10年以上一度も耕されたことのない畑の土は、ガチガチに固まっているはずですし、野菜ができることなど想像もできませんが、その畑は全く違っていました。
そばに落ちていた棒を、畑を案内していただいたF氏の言われるままに、足元の土に突き刺してみると、1メートル以上もスーと入っていくのです。
手で掘ってみると大きなミミズが何匹も出てきて、よく見ると土はサラサラの顆粒状のものでした。棒が抵抗もなく入ってゆけるわけです。
採れたての野菜をいただきながらF氏にいろいろなお話を伺って、その日は本当に幸せな気分で帰ってきました。
それからも「自然生活館 空の詩」を通じて、何人かの農家の方とお話しする機会を持つことができました。

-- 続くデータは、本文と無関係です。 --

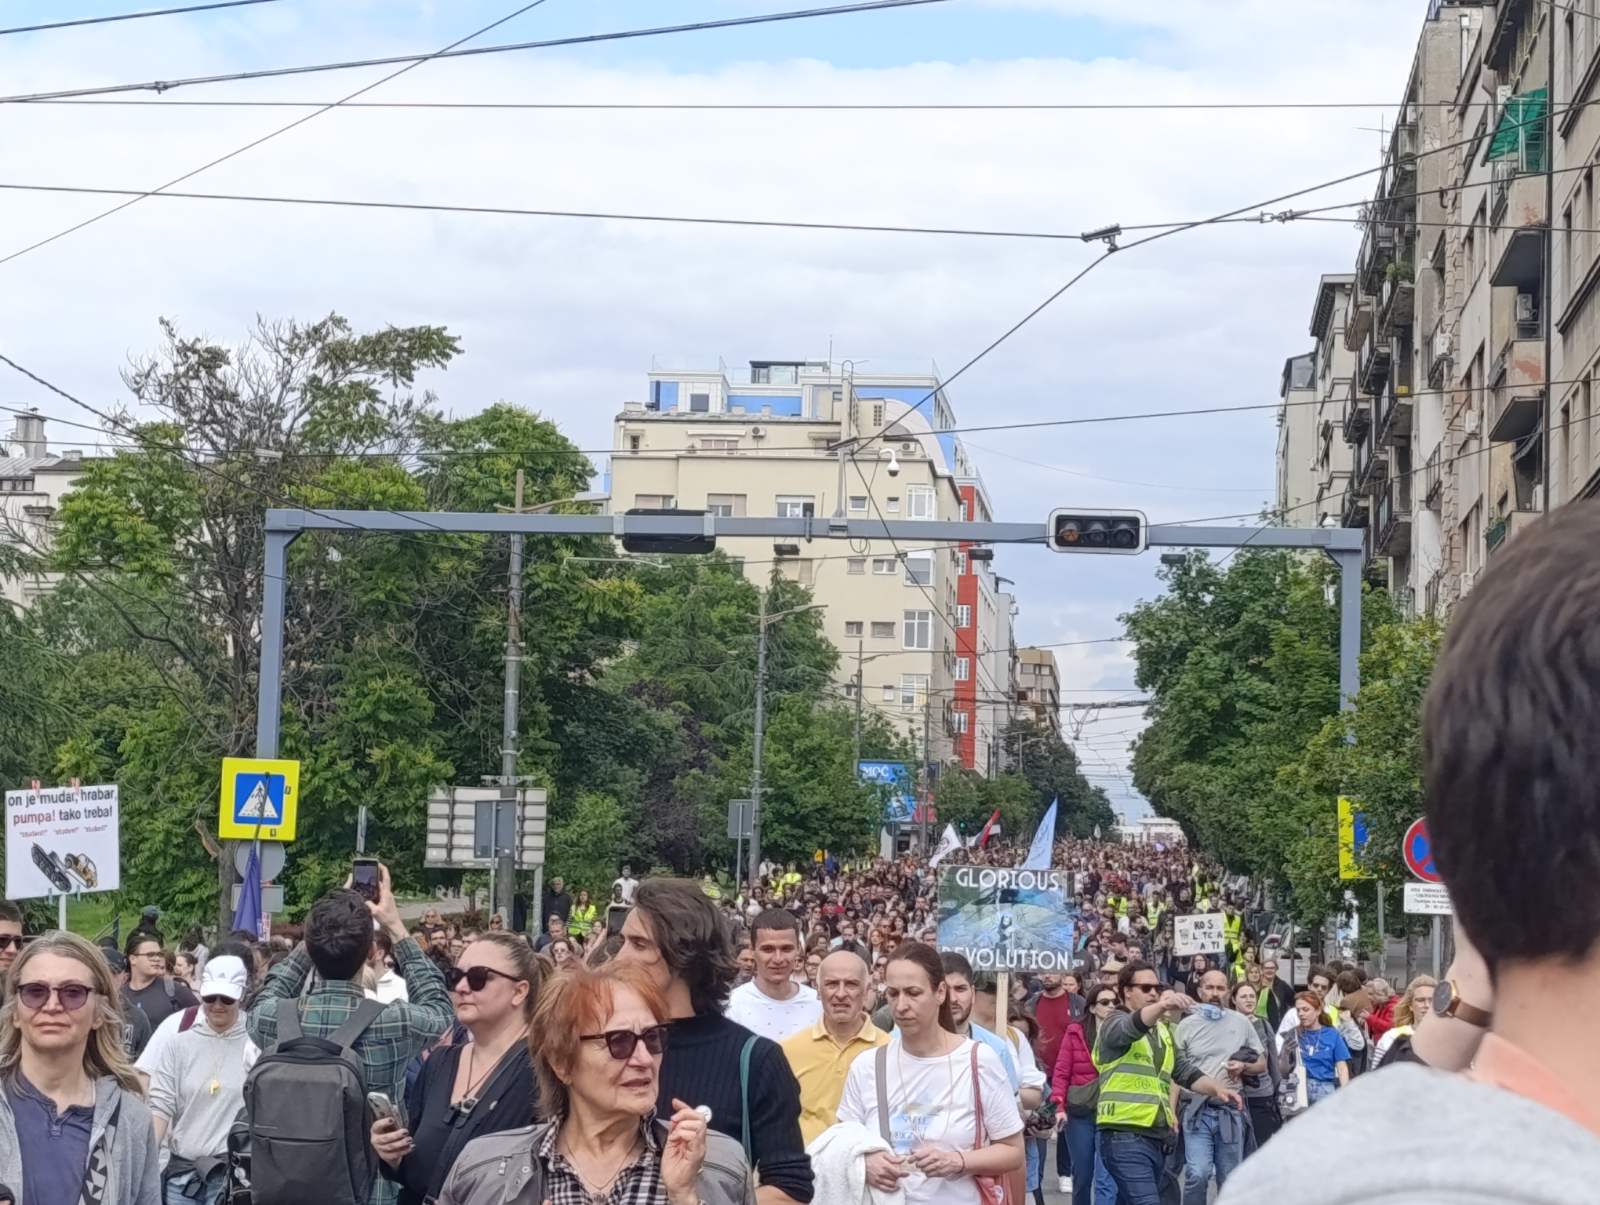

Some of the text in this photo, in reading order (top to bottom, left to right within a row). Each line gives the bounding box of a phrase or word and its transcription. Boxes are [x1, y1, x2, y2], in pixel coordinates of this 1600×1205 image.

[8, 795, 22, 807] on
[25, 792, 36, 808] je
[13, 805, 112, 826] pumpa! tako treba!
[955, 868, 1059, 891] GLORIOUS

農業や食に関する本を読んだり講演会に出かけたりする中で、私自身田舎で生まれ育ったのに田んぼや畑のことも、そして自分が毎日食べている食物のことすら、ほとんど何も知らないのだということに気がつきました。
そしてそれまで、なんとなく禁欲的でストイックなイメージがあって近づきにくかった「マクロビオティック」に、自然に興味がわいてきたのです。
マクロビオティックの食事に変えてから、数ヶ月で自分の体がどんどん変わっていき、気がつくと気持ちまでもが穏やかになっていきました。
この経験は、肉や魚や卵などの動物性の食品をふんだんに使って3人の子供を育てあげた、母親としての自信をくつがえし、もっと早くマクロビオティックを知っていたら良かったのにと、とても残念に思いました。
野菜の持つ甘味を塩で引き出し、アクさえも旨みに変え、皮をむかずにまるごといただくというマクロビオティックで、有機栽培の野菜のおいしさを他の人にも味わってほしいという気持ちが、そのころからだんだん大きくなっていきました。
そして、とうとう無謀にも自分の店を持つという決心をしてしまいました。
じっさい始めてみると、飲食店の経営は想像した以上にハードで、失敗談もいくつもありますし、ない知恵をしぼって新しいメニューを考えるのはなかなか大変です。
しかしそれ以上に、丹精こめて育てられた野菜を調理する時に、お客様とのおしゃべりの中で気持ちが通じた気がする時に、何にも替えがたい喜びを感じます。
たくさんの人との出会いの中で、本当に、導かれるように自分自身が変わり、その中で感じた喜びや感動を、もっと多くの人と分かち合いたいという気持ちが
マクロビ・ダイニング「宙」を作ったのだと、今しみじみと思っています。